All entries must be repeated exactly; do not include the pictures.

-------- Dataset --------

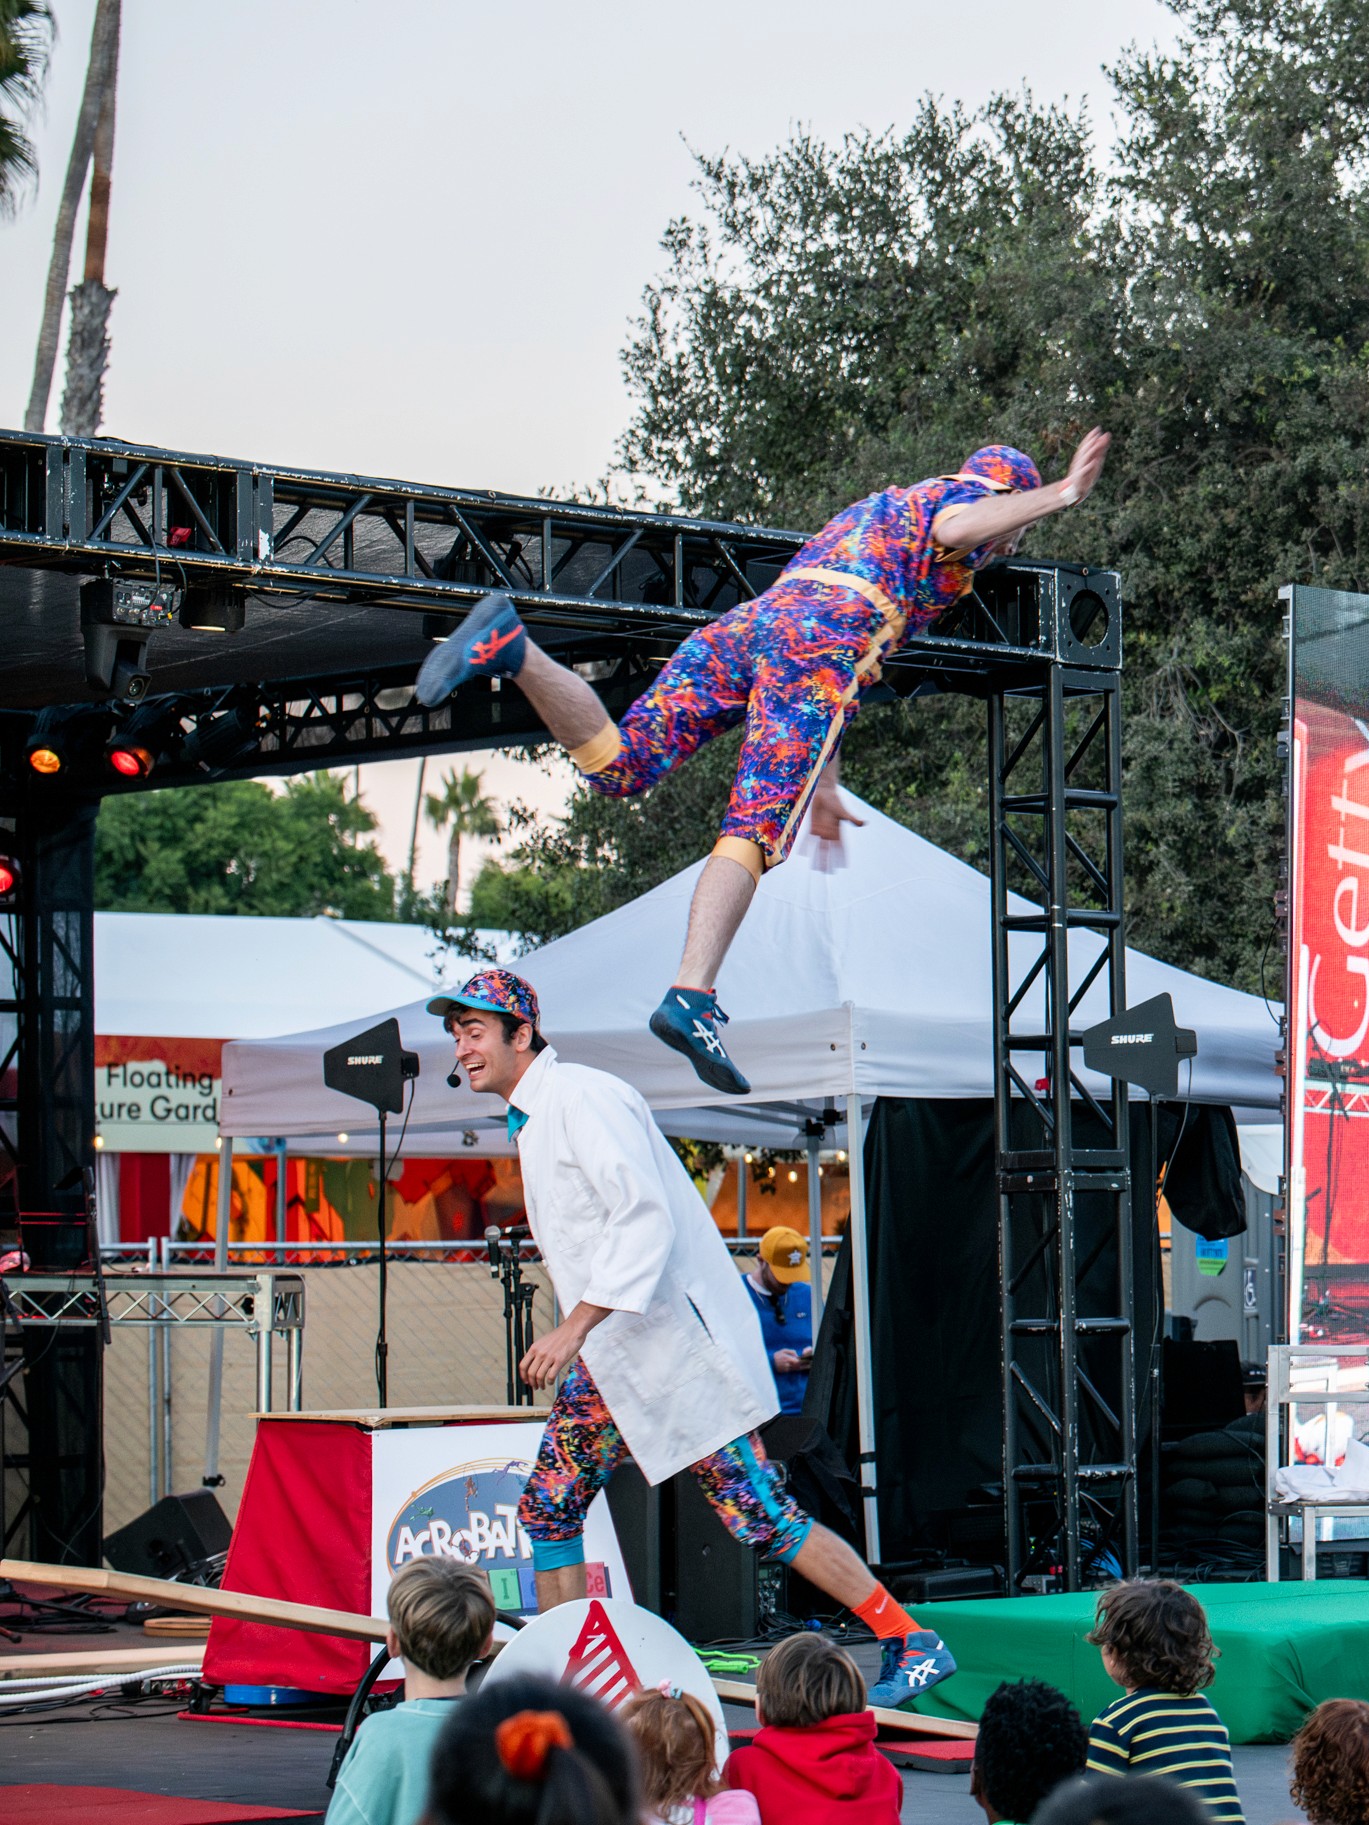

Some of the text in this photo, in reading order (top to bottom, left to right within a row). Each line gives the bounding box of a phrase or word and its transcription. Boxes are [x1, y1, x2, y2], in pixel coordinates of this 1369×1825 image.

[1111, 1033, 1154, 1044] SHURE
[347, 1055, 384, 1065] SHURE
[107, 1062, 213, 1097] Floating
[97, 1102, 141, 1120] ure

--------

→ Exercise solution
Some of the text in this photo, in reading order (top to bottom, left to right within a row). Each line gives the bounding box of a phrase or word and its transcription. Boxes are [x1, y1, x2, y2], in pixel coordinates of this 1369×1825 image.

[1111, 1033, 1154, 1044] SHURE
[347, 1055, 384, 1065] SHURE
[107, 1062, 213, 1097] Floating
[97, 1102, 141, 1120] ure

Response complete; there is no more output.